Amid the chaos that was created by schools suddenly being shuttered in March as a result of the COVID-19 pandemic, it made sense to cancel administration of Massachusetts Comprehensive Assessment System (MCAS) tests. But supporters of pending legislation that would place a four-year moratorium on using MCAS as a high school graduation requirement and create a commission to study alternatives to the tests are no longer responding to a crisis; they are using it to advance their anti-reform agenda.

MCAS was a centerpiece of Massachusetts’ 1993 Education Reform Act, which I co-authored in my role as Senate chair of the Joint Committee on Education. Its results were more impressive than any of us could have imagined at the time.

State SAT scores rose for 13 consecutive years and the Commonwealth’s scores on the National Assessment of Educational Progress (NAEP) improved dramatically. By 2005, Massachusetts students became the first to score best in the nation in all four major categories (fourth- and eighth-grade reading and math).
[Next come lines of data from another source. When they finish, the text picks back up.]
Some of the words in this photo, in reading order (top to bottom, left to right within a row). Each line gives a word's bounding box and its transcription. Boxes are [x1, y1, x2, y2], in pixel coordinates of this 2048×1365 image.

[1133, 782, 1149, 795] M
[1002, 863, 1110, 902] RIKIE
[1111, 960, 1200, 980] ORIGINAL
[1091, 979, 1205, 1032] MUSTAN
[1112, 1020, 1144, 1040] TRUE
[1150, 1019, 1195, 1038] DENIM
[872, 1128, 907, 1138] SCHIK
Since then, they have repeated the feat on every subsequent NAEP administration except one.

While American students as a whole lag their global peers, Massachusetts students were competitive with their counterparts from places like Japan, South Korea and Singapore on consecutive administrations of the Trends in International Math and Science Study in 2007 and 2011. In 2007, the Commonwealth’s eighth graders tied for best in the world in science.
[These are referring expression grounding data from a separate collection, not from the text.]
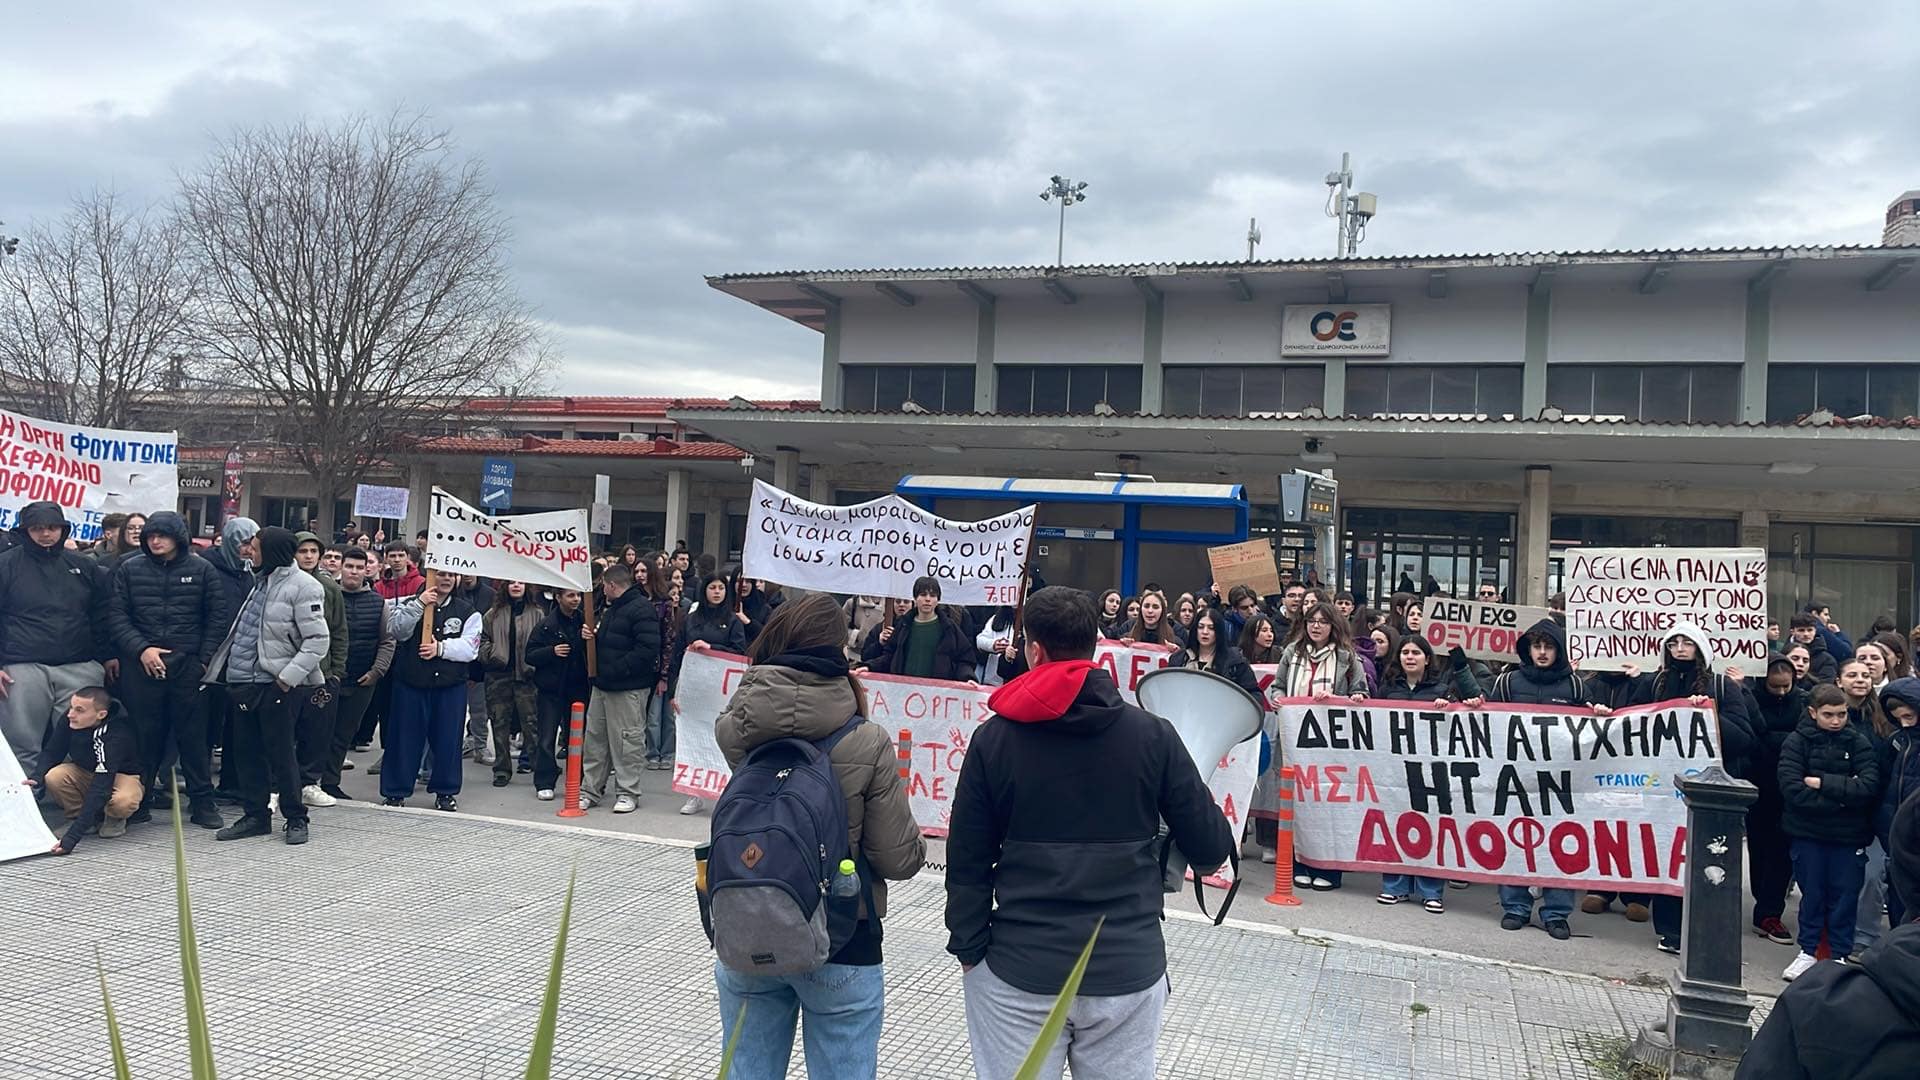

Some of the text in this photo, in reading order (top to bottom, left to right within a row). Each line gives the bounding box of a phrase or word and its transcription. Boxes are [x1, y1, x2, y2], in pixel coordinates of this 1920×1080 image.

[20, 421, 64, 452] ΟΡΓΗ
[0, 468, 86, 509] ΟΦΟΝΟΙ
[445, 555, 477, 568] ΕΠΑΛ
[559, 545, 588, 571] μας
[840, 547, 915, 574] κάποιο
[1571, 555, 1740, 584] ΛΕΕΙ ΕΝΑ ΠΑΙΔΙ
[1568, 585, 1764, 611] ΔΕΝ ΕΧΩ ΟΞΥΓΟΝΟ
[1430, 601, 1517, 627] ΔΕΝ ΕΧΩ
[1575, 609, 1607, 629] ΓΙΑ
[1609, 610, 1677, 632] ΕΚΕΙΝΕΣ
[1714, 611, 1765, 632] ΦΩΝΕΣ
[1427, 622, 1523, 654] ΟΞΥΓΟΝ
[1708, 637, 1767, 660] ΡΟΜΟ
[1296, 709, 1715, 762] ΔΕΝ ΗΤΑΝ ΑΤΥΧΗΜΑ
[1404, 760, 1572, 816] ΗΤΑΝ
Importantly, work by educational standards expert E.D. Hirsch, Jr. has shown a correlation between academic quality and equity. As Massachusetts reading scores rose, its achievement gaps narrowed.

Despite unprecedented success, state leaders have now been chipping away at education reform for over a decade. An independent agency that performed comprehensive evaluations of state school districts was eliminated. In 2010, the Commonwealth swapped out academic standards in English and math that were national models for weaker ones known as Common Core. Subsequently, watered down science and history standards were also adopted.
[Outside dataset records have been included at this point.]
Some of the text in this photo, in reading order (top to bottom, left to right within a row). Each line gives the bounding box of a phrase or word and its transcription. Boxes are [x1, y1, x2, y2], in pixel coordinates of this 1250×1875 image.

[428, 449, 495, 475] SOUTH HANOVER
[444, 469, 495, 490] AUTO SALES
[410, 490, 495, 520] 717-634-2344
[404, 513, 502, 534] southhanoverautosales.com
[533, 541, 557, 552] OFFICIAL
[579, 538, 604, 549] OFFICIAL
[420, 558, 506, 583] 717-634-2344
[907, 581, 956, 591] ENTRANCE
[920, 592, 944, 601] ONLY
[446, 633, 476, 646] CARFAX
Add that to voters’ rejection of a ballot initiative that would have allowed more of the state’s best-in-the nation charter schools, and the results aren’t surprising. SAT scores are well below their 2006 peak. The percentage of students scoring Advanced or Proficient on the MCAS third grade reading test – the best predictor of future academic success – fell 10 points from 2002 to 2013.

Even more alarmingly, the decline appears to be accelerating. Last year Massachusetts’ drop in fourth-grade math scores was larger than in 40 states and Washington, D.C. And fourth- and eighth-grade reading scores fell by more than twice as much as the fourth-grade math scores.

My criticism of these efforts to roll back MCAS, which are led by the states two teachers’ unions, comes from one whose career has been dedicated to organized labor. I spent more than a decade as a union-side labor lawyer. When I ran for governor in 2002, I was – and remain – proud to have been endorsed by both the Massachusetts Teachers Association and the Massachusetts Federation of Teachers.

Just as President Trump paints an overly rosy picture of the pre-pandemic national economy, we in Massachusetts need to be realistic about the disturbing academic trends in public education that were clear before the shutdown last March.

The priority now must be to address a decade-long decline in the Commonwealth’s K-12 schools. MCAS was a central ingredient in the historic rise of public education in Massachusetts that preceded the current decline. There could be no worse approach at this point than to eliminate yet another of the pillars of that earlier success.